From Basmannaya Street they drove for a long time past places that looked like hospitals and barracks, then the buildings on the streets gradually shrank and changed from stone to wood, until eventually the landscape became entirely rural. Columbine, however, did not look around much, she was still under the impression of the revelation that had been granted to her. Her companions did not speak either.

But then the carriage halted in the middle of a dusty, unpaved street lined with small, single-storey houses. On one side she could see the steep bank of a small river or a narrow ravine through the gap between two wooden fences.

‘Where are we?’ Columbine asked.

‘On the Yauza,’ Genji replied, as he jumped down from the footboard. ‘According to the description, th-that house over there is the one we need. This is where Ophelia used to l-live. Or to use her real name, Alexandra Sinichkina.’

Columbine could not help smiling at the funny name. Alexandra Sinichkina was even worse than Maria Mironova. No wonder the girl had preferred to be called Ophelia.

It turned out that the oracle of the ‘Lovers of Death’ had lived in a tidy little house that had four windows with white shutters, embroidered curtains and flowers on the window-sills: behind the house there was a green, leafy apple orchard, and the branches of the trees were bowed under the weight of gold and red fruit.

The knock at the gate was answered by a neat old woman of about forty-five, dressed in black.

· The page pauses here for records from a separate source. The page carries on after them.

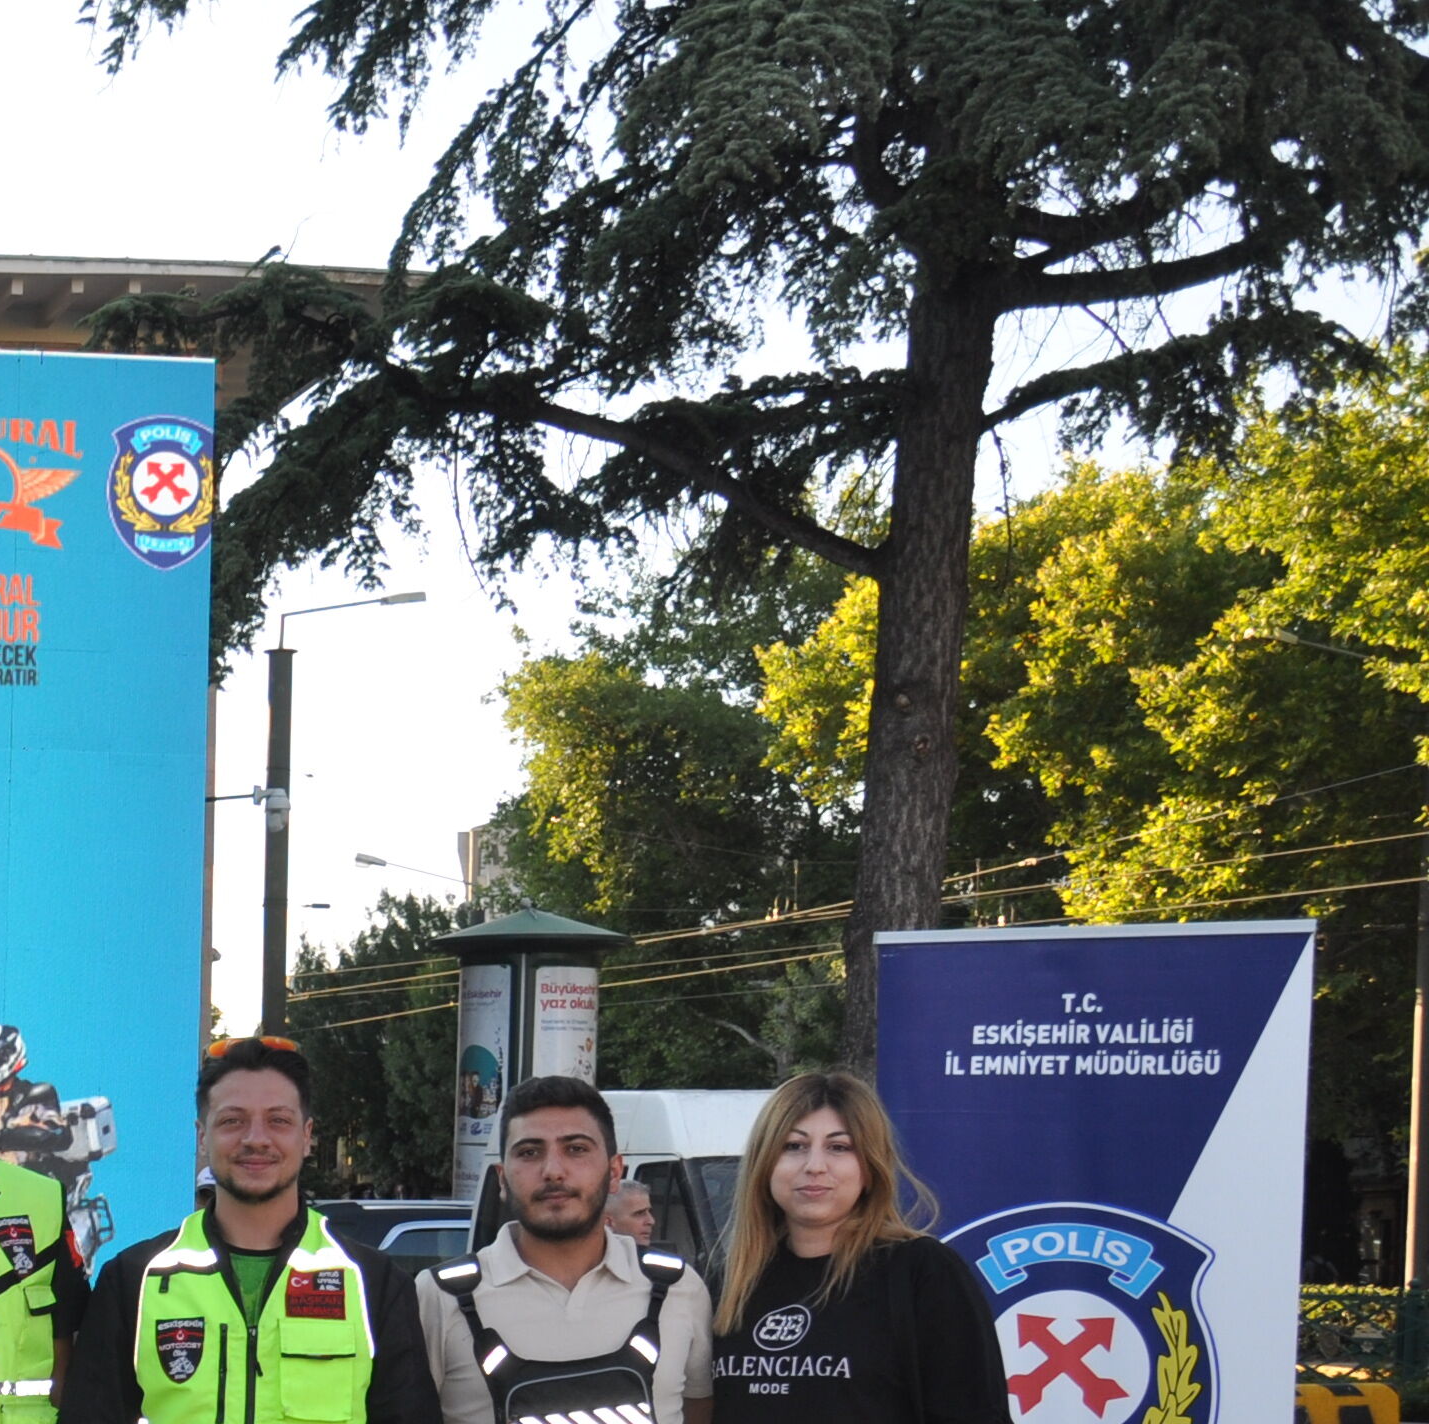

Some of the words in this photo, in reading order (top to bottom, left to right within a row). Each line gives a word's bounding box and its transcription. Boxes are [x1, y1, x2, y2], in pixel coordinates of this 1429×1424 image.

[540, 999, 567, 1011] yaz
[1061, 993, 1104, 1014] T.C.
[972, 1018, 1091, 1047] ESKİŞEHİR
[1095, 1017, 1194, 1044] VALİLİĞİ
[944, 1050, 966, 1076] İL
[969, 1049, 1070, 1076] EMNİYET
[1074, 1048, 1222, 1076] MÜDÜRLÜĞÜ
[1002, 1229, 1133, 1268] POLİS
[748, 1382, 790, 1395] MODE

‘Her mother,’ Genji explained in a low voice as the old woman walked towards them. ‘A provincial secretary’s widow. She and her daughter lived alone.’

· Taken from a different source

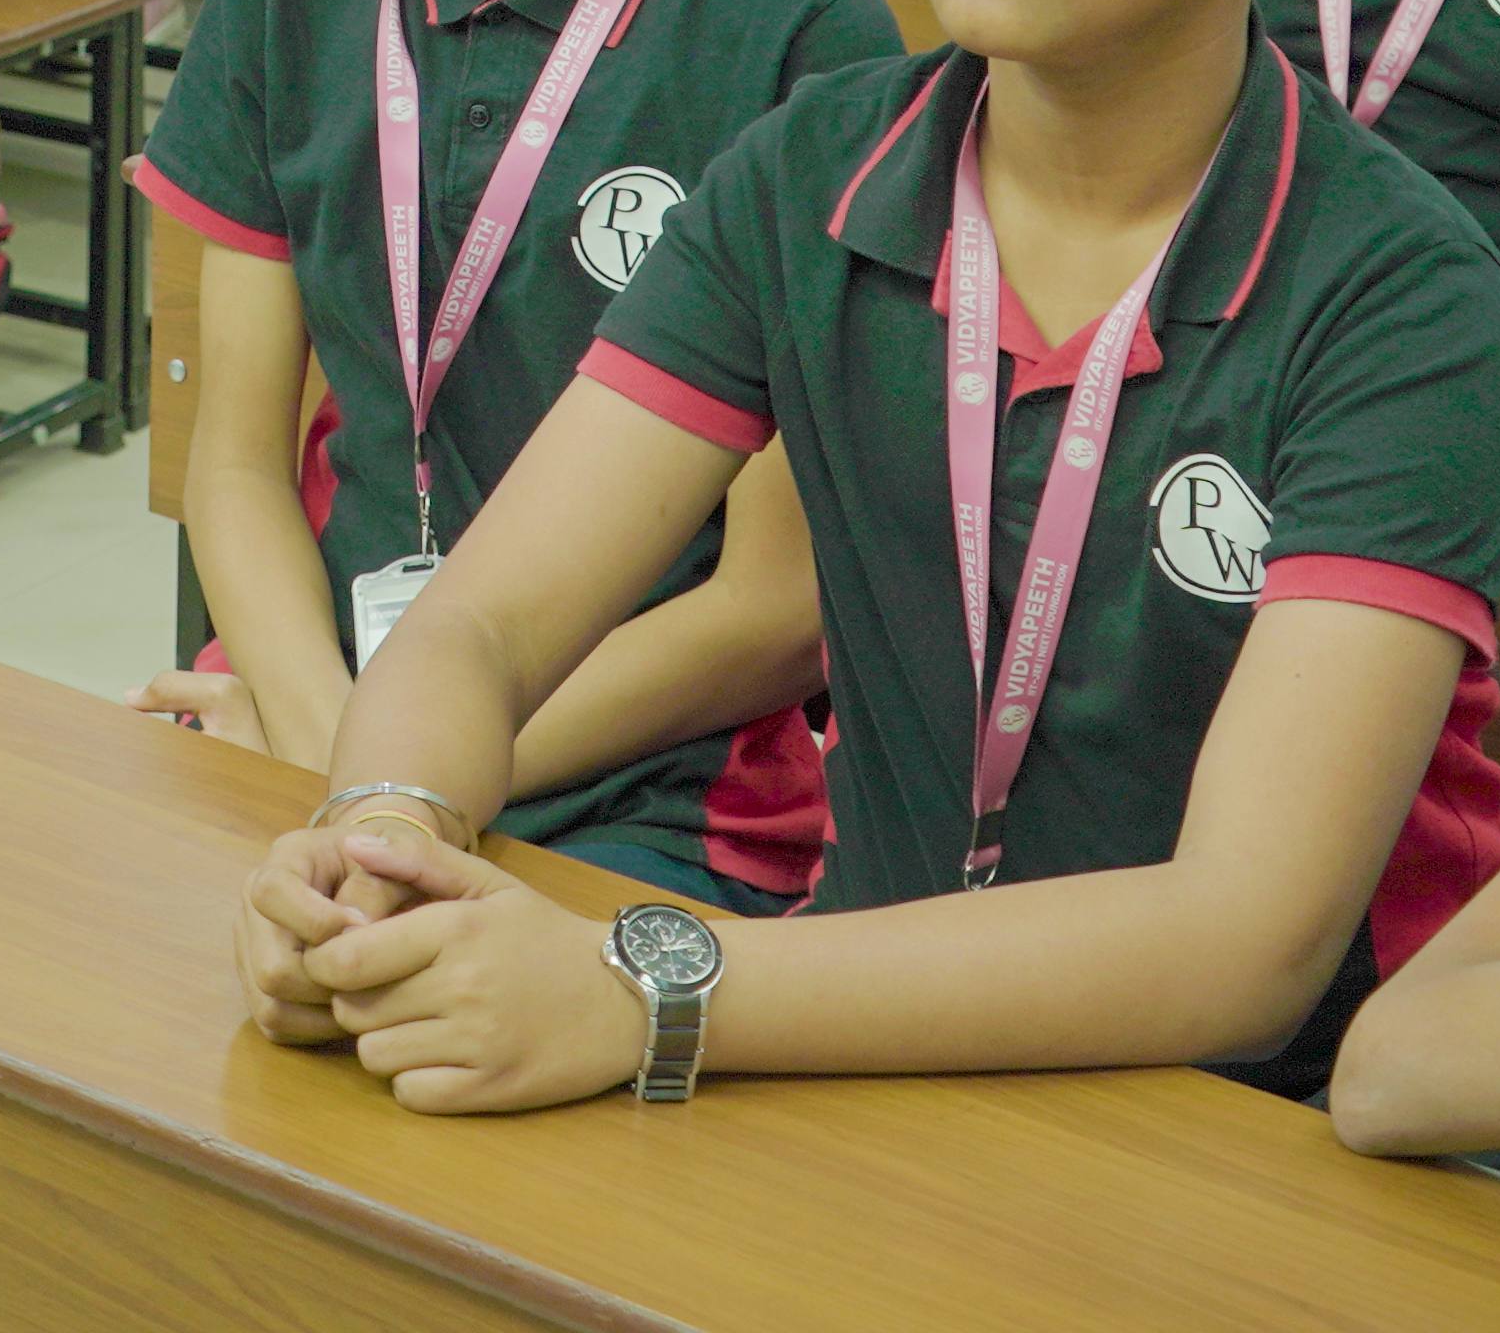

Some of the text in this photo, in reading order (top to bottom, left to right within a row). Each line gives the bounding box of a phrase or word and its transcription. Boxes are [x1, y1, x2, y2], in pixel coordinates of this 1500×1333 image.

When Ophelia’s mother came closer, her eyes proved to be as bright and clear as her daughter’s, but the eyelids were red and swollen. That was from crying, Columbine guessed, and she felt a sharp tingling in her nose. How could you explain to the poor woman that what had happened was not a misfortune at all, but the greatest possible blessing? She would never believe it.

‘Good afternoon, Serafima Kharitonovna,’ Genji said with a bow. ‘P-pardon us for disturbing you. We knew Alexandrovna Ivanovna . . .’

He hesitated, evidently uncertain how to introduce himself. After all, he wasn’t really a Japanese prince. But he was spared the need.

The widow opened the wicket gate and sobbed.

‘So you knew my Sashenka? She did have some friends after all? Thank you for coming to see me, I’ve been sitting here all on my own, with no one at all to talk to. The samovar’s all ready. We don’t have any relatives, and the neighbours don’t call, they turn their noses up. Of course, a suicide is a disgrace to the entire street.’

Their hostess led them into a small dining room where there were embroidered covers on the chairs, a portrait of some bishop on the wall and an old-fashioned clock ticking in the corner. She obviously really was in desperate need of company, because she started talking immediately and carried on with hardly a pause. She poured tea, but didn’t drink any herself, just ran her finger round the rim of the full cup.

‘While Sashenka was alive, we had plenty of lady visitors, everyone needed my daughter. They wanted her to read the candle wax, or cure a headache, or turn away the evil eye. Sashenka could do everything. Even tell if someone’s betrothed was still alive in a faraway country. And she did it all out of the goodness of her heart, she didn’t accept any gifts, she said that was wrong.’

‘Was it a talent that she was born with?’ Columbine asked sympathetically.